### YOUR OBJECTIVE
Except for the pictures, reproduce the records word for word.
Start of EXCERPTED RECORDS
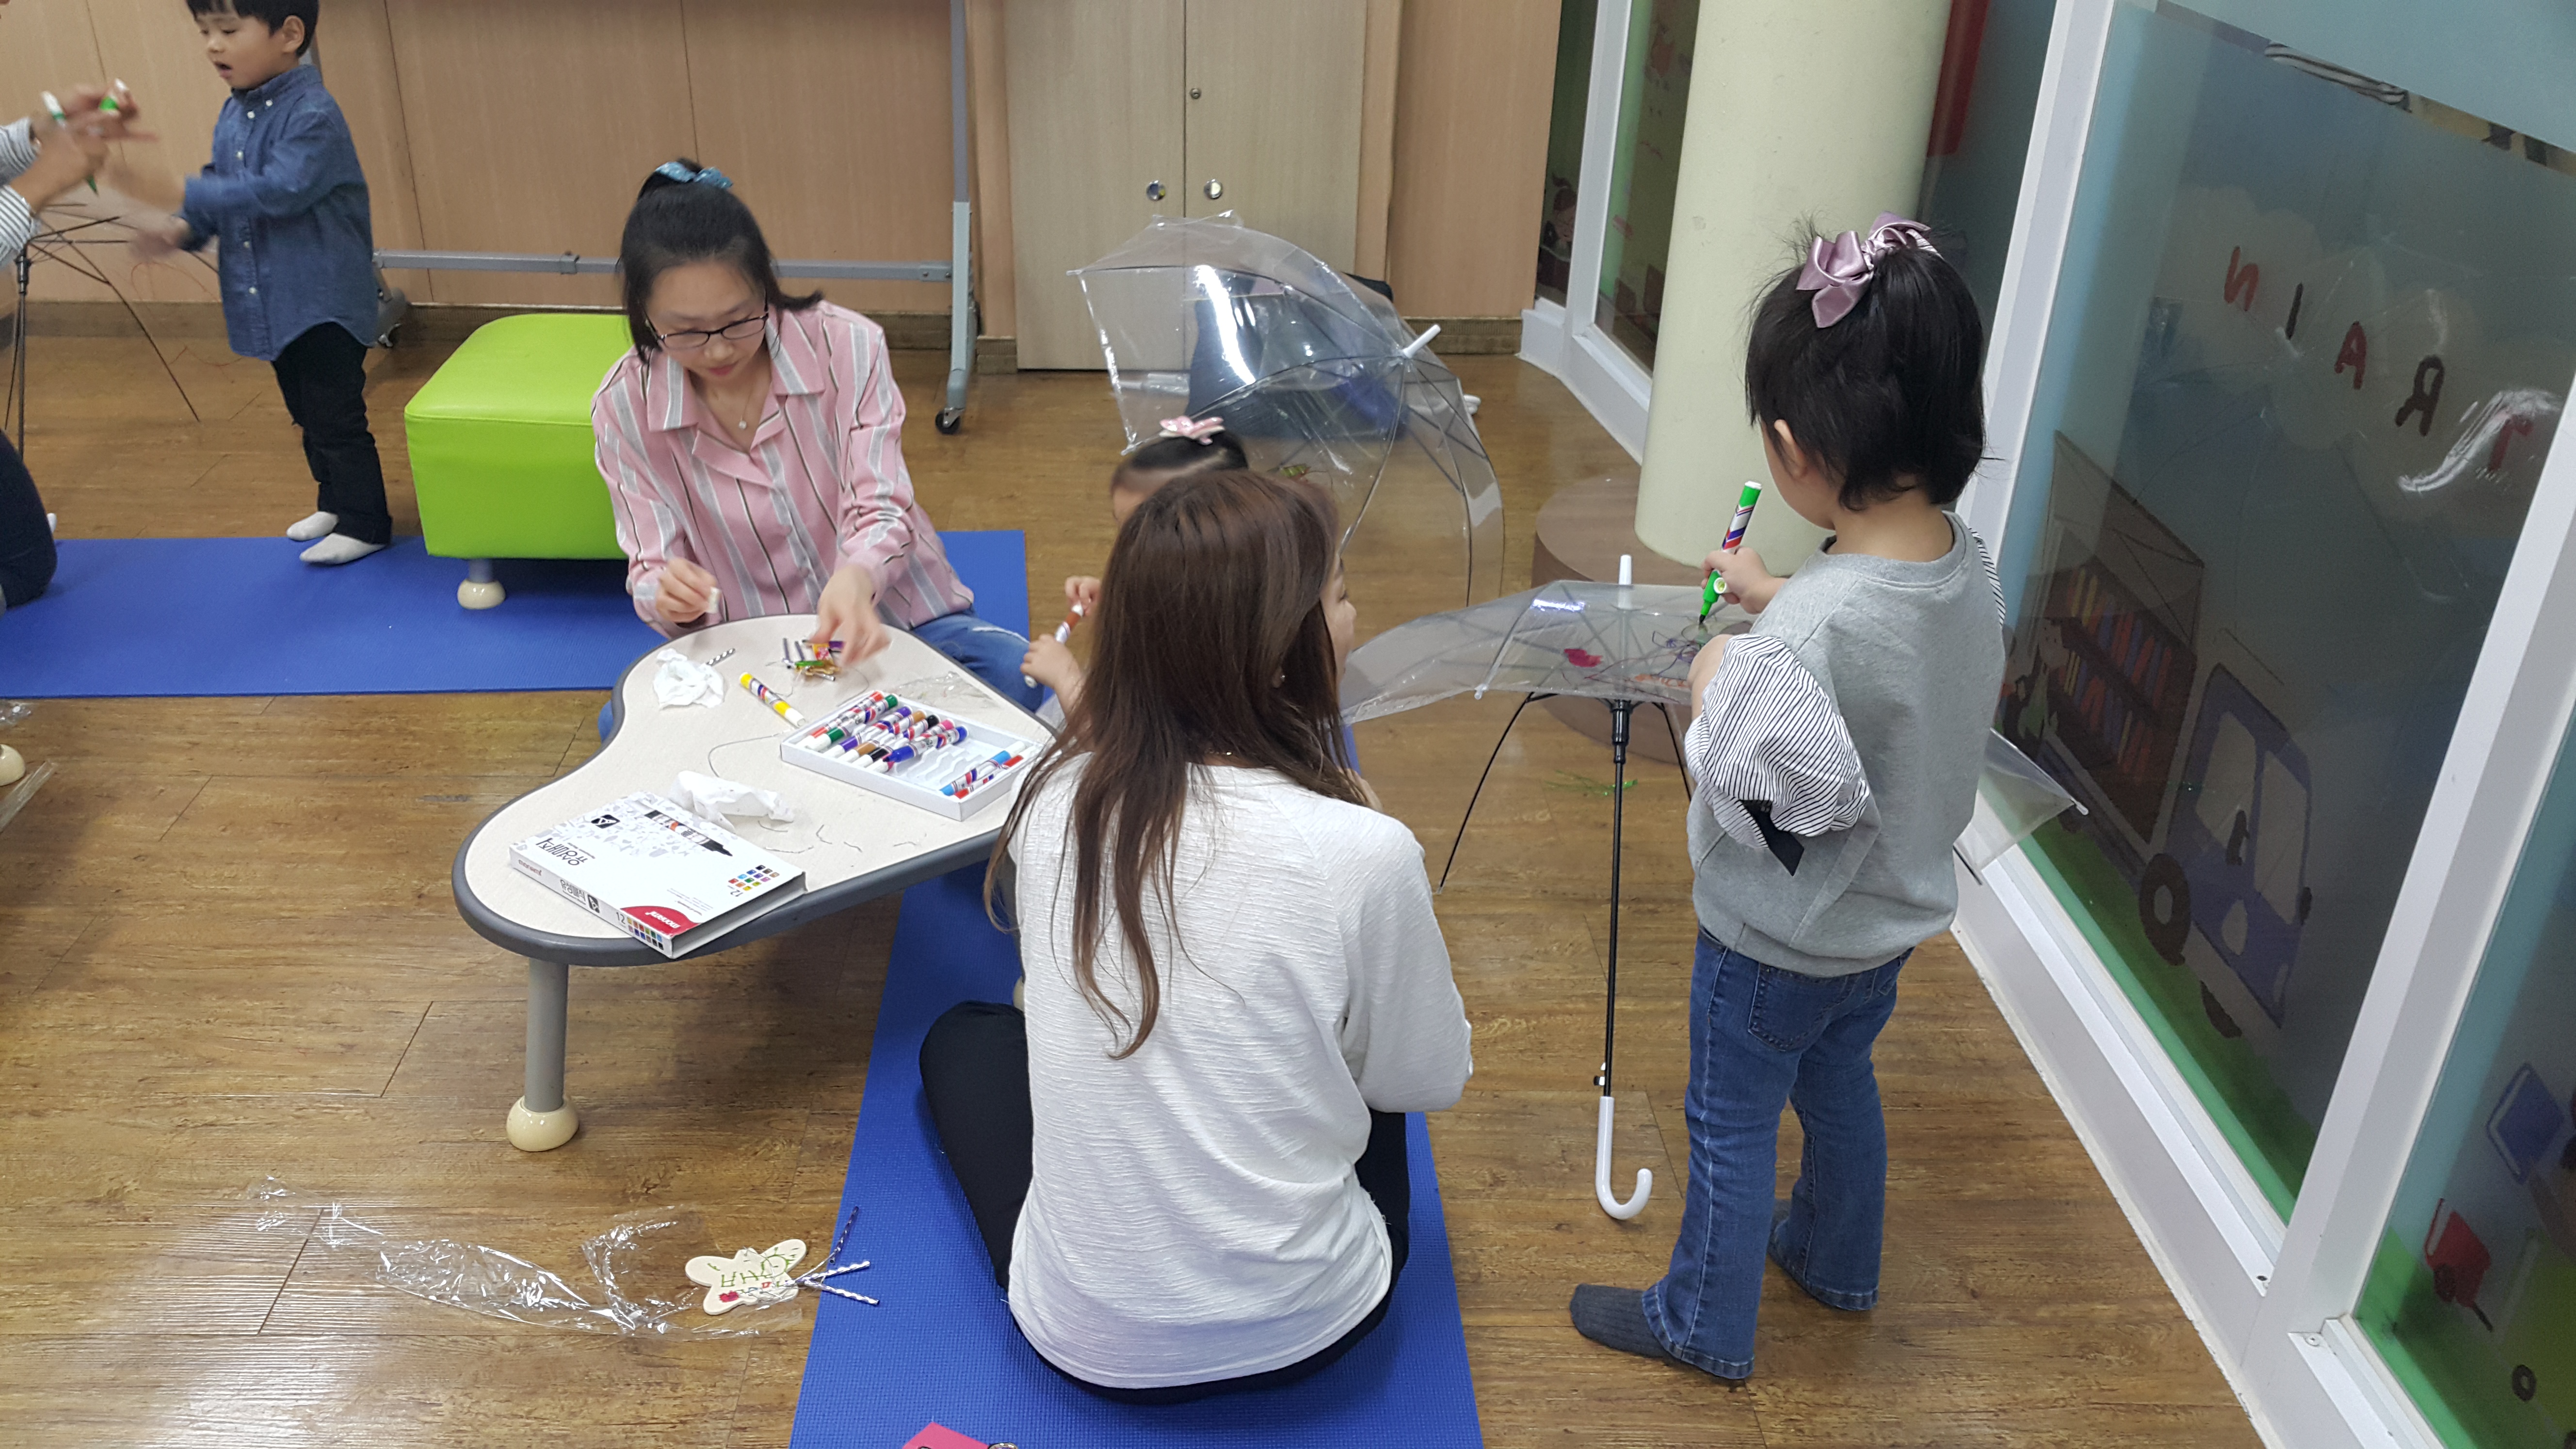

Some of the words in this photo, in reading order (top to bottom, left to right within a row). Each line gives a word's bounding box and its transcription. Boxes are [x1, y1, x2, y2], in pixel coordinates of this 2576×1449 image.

[535, 837, 588, 866] 유성매직
[730, 889, 744, 897] 12
[615, 912, 626, 924] 12
[644, 911, 681, 929] monami
End of EXCERPTED RECORDS
### SOLUTION FOR THIS EXERCISE
Some of the words in this photo, in reading order (top to bottom, left to right within a row). Each line gives a word's bounding box and its transcription. Boxes are [x1, y1, x2, y2], in pixel coordinates of this 2576×1449 image.

[535, 837, 588, 866] 유성매직
[730, 889, 744, 897] 12
[615, 912, 626, 924] 12
[644, 911, 681, 929] monami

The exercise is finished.